◆ TRY IT
All of the data must be output exactly, with every picture left out.

◆ EXCERPTED RECORDS

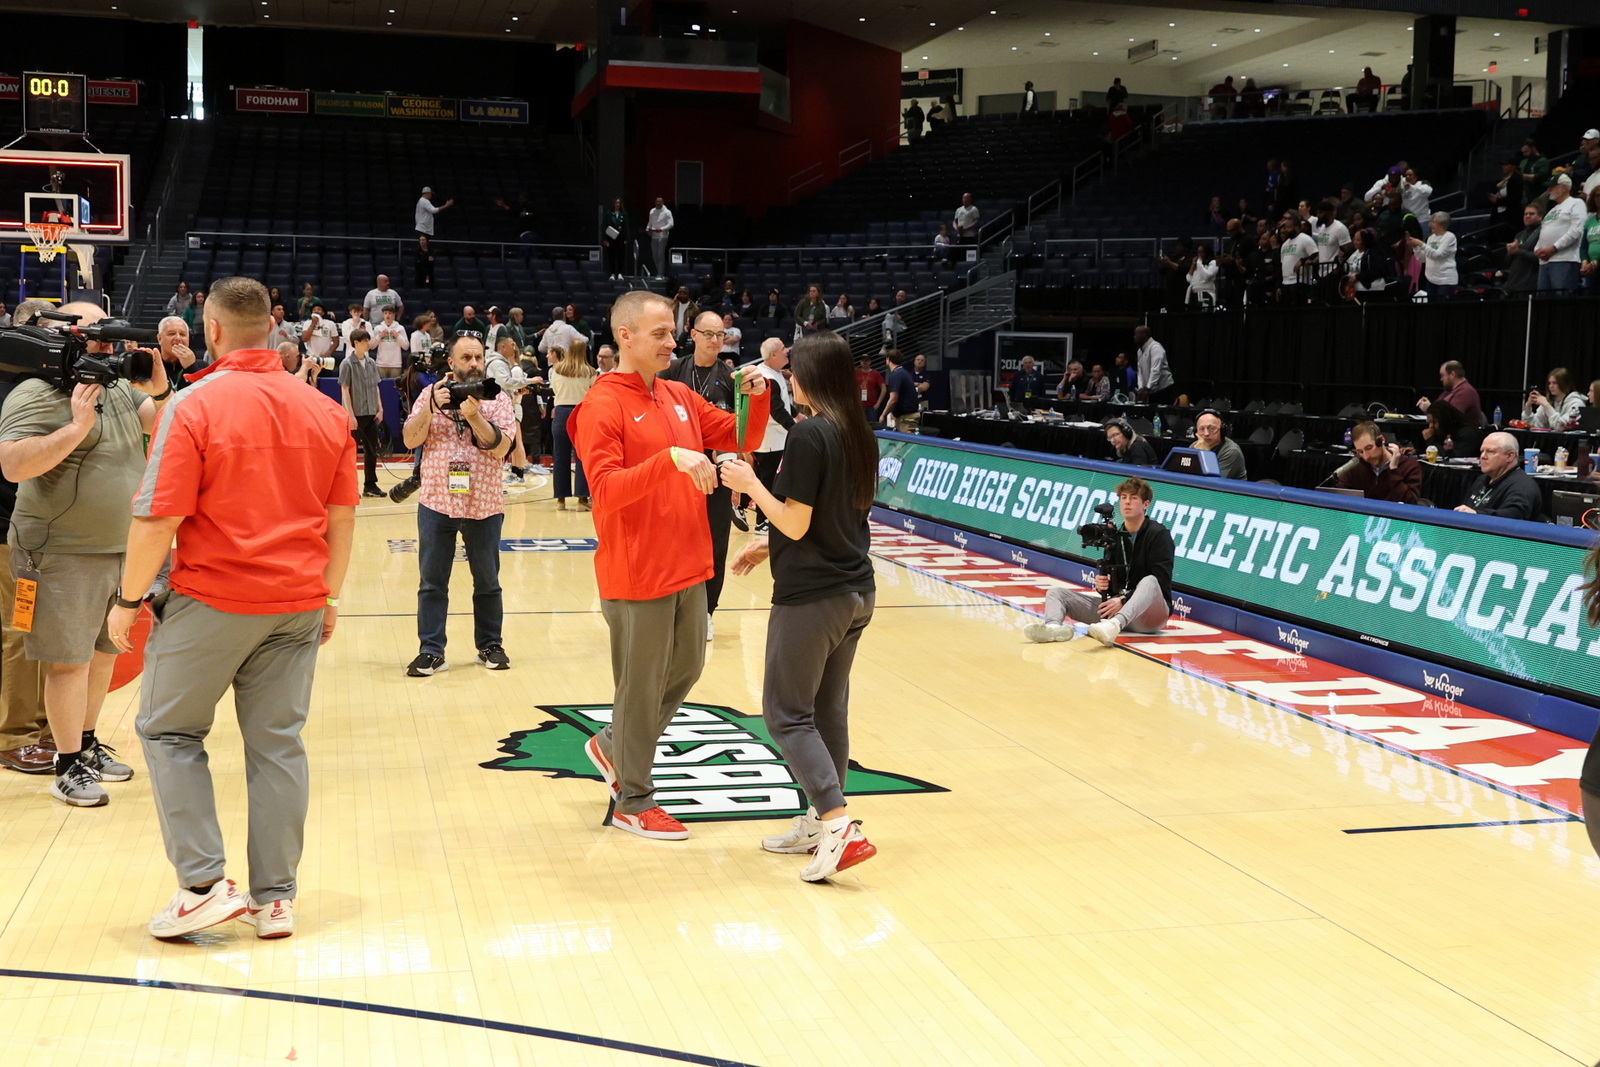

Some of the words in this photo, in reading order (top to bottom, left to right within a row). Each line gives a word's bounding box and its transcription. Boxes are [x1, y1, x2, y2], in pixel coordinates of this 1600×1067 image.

[0, 83, 20, 93] DAY
[246, 95, 299, 106] FORDHAM
[316, 98, 350, 107] GEORGE
[353, 100, 384, 109] MASON
[401, 98, 442, 109] GEORGE
[390, 106, 454, 118] WASHINGTON
[469, 105, 485, 116] LA
[487, 106, 520, 118] SALLE
[906, 457, 959, 501] OHIO
[952, 466, 1018, 515] HIGH
[1150, 499, 1321, 586] THLETIC
[1316, 534, 1600, 658] ASSOCIA
[1173, 597, 1192, 618] Kroger
[1287, 629, 1309, 653] Kroger
[1359, 634, 1389, 647] DAKTRONICS
[1434, 673, 1465, 701] Kroger
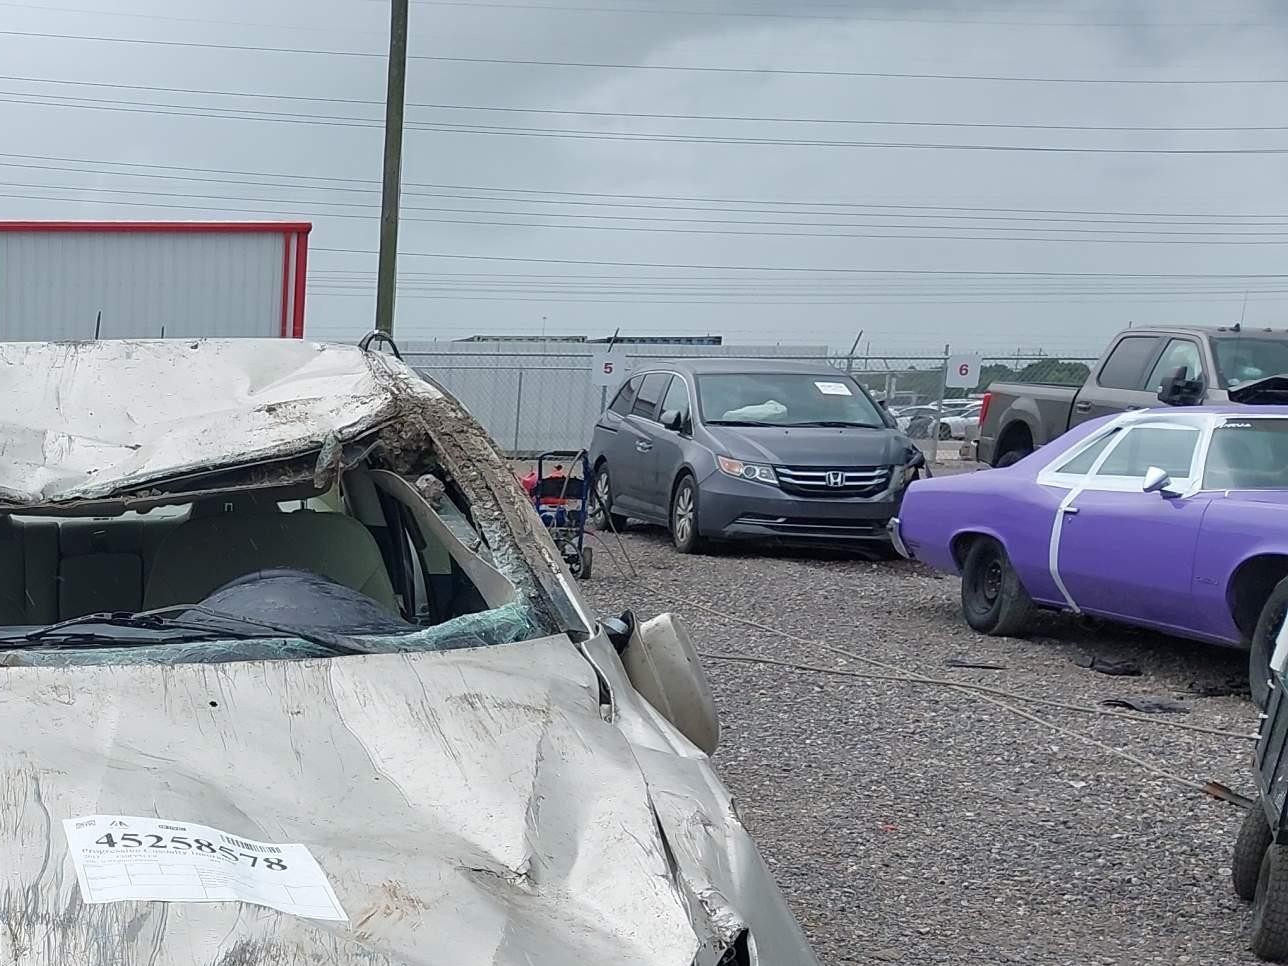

◆ TASK OUTPUT
Some of the words in this photo, in reading order (top to bottom, left to right within a row). Each line gives a word's bounding box and its transcription. Boxes are [x1, y1, x2, y2], in pixel coordinates of this 1600×1067 image.

[0, 83, 20, 93] DAY
[246, 95, 299, 106] FORDHAM
[316, 98, 350, 107] GEORGE
[353, 100, 384, 109] MASON
[401, 98, 442, 109] GEORGE
[390, 106, 454, 118] WASHINGTON
[469, 105, 485, 116] LA
[487, 106, 520, 118] SALLE
[906, 457, 959, 501] OHIO
[952, 466, 1018, 515] HIGH
[1150, 499, 1321, 586] THLETIC
[1316, 534, 1600, 658] ASSOCIA
[1173, 597, 1192, 618] Kroger
[1287, 629, 1309, 653] Kroger
[1359, 634, 1389, 647] DAKTRONICS
[1434, 673, 1465, 701] Kroger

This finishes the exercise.